§ THE INPUT

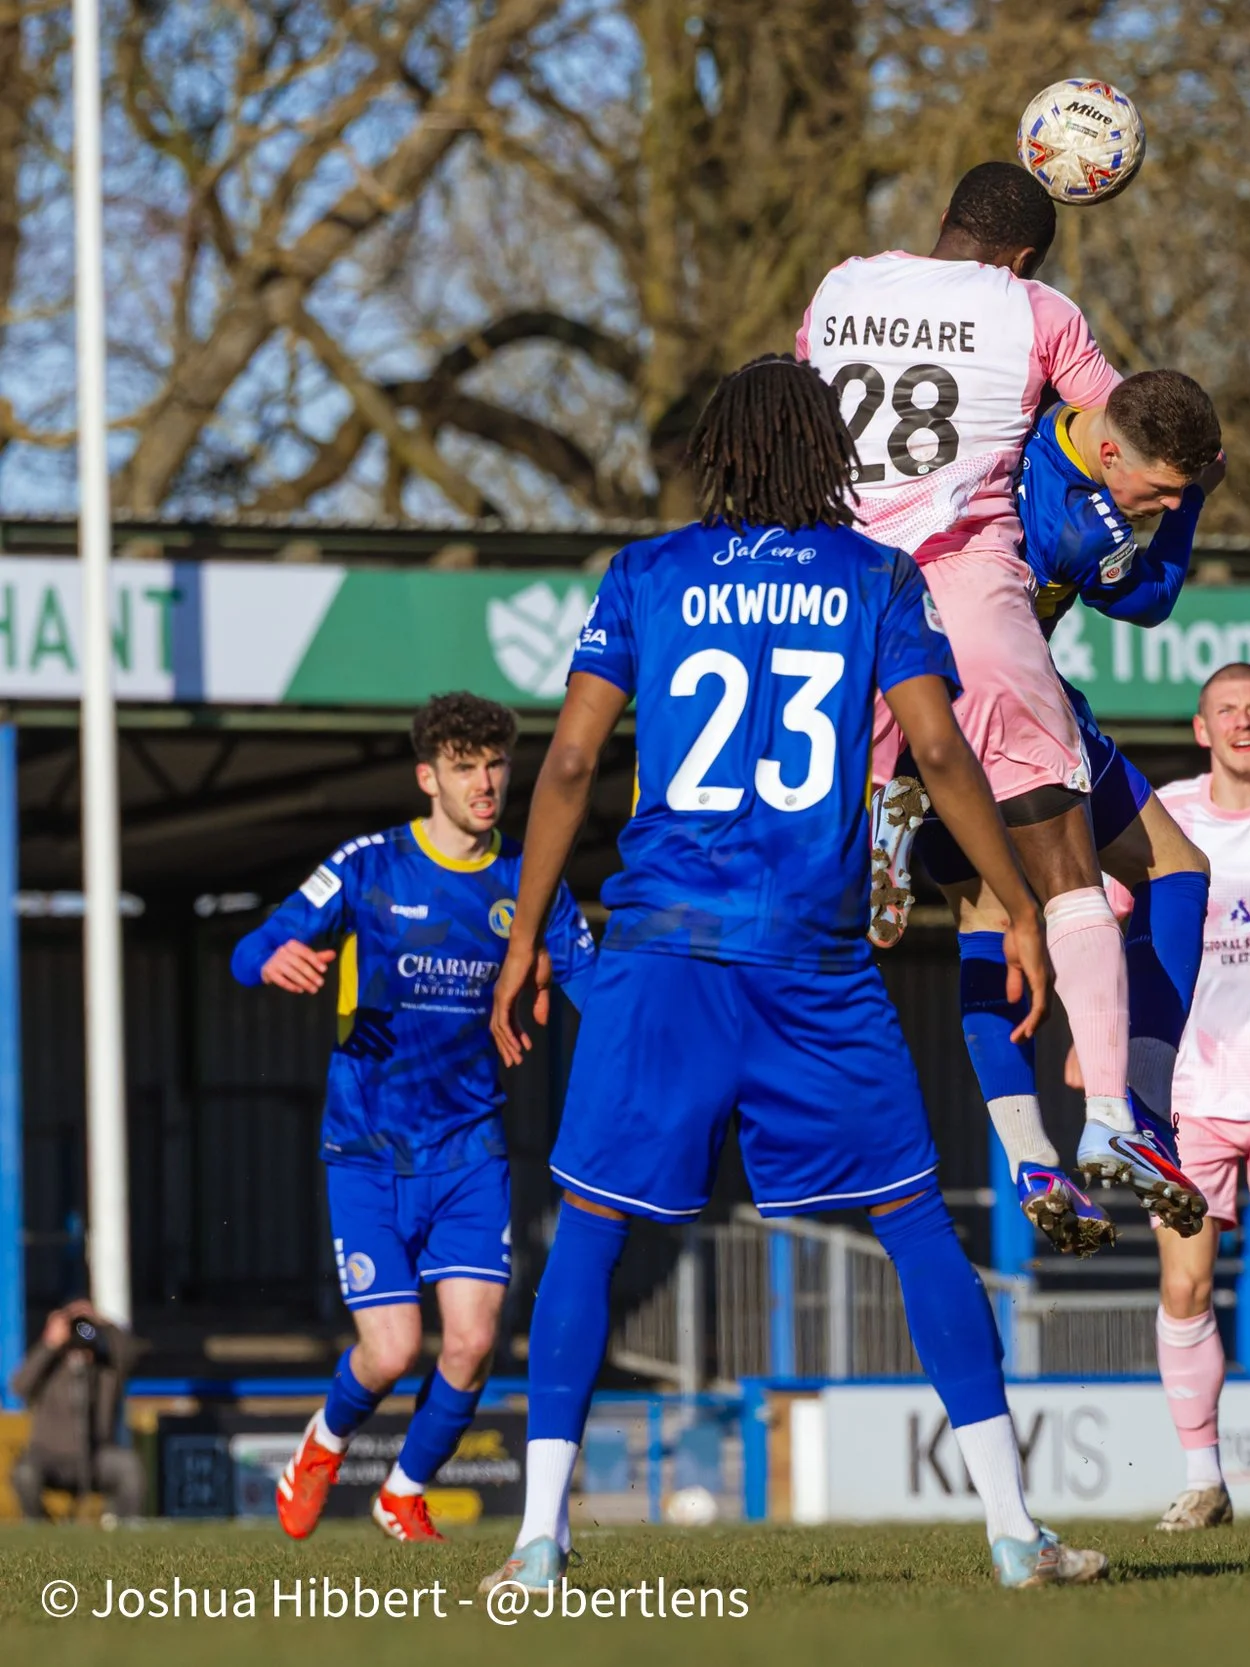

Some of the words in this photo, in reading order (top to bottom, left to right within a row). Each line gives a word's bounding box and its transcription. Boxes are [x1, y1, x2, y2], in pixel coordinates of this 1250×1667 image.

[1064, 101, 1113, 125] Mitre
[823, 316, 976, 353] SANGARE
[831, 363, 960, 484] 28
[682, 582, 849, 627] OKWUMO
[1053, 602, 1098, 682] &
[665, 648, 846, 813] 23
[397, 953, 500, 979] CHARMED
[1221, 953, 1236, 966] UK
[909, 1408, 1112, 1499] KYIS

§ YOUR TASK
Every entry should be written out word for word, except for its pictures.

§ EXPECTED ANSWER
Some of the words in this photo, in reading order (top to bottom, left to right within a row). Each line gives a word's bounding box and its transcription. Boxes are [x1, y1, x2, y2], in pixel coordinates of this 1250×1667 image.

[1064, 101, 1113, 125] Mitre
[823, 316, 976, 353] SANGARE
[831, 363, 960, 484] 28
[682, 582, 849, 627] OKWUMO
[1053, 602, 1098, 682] &
[665, 648, 846, 813] 23
[397, 953, 500, 979] CHARMED
[1221, 953, 1236, 966] UK
[909, 1408, 1112, 1499] KYIS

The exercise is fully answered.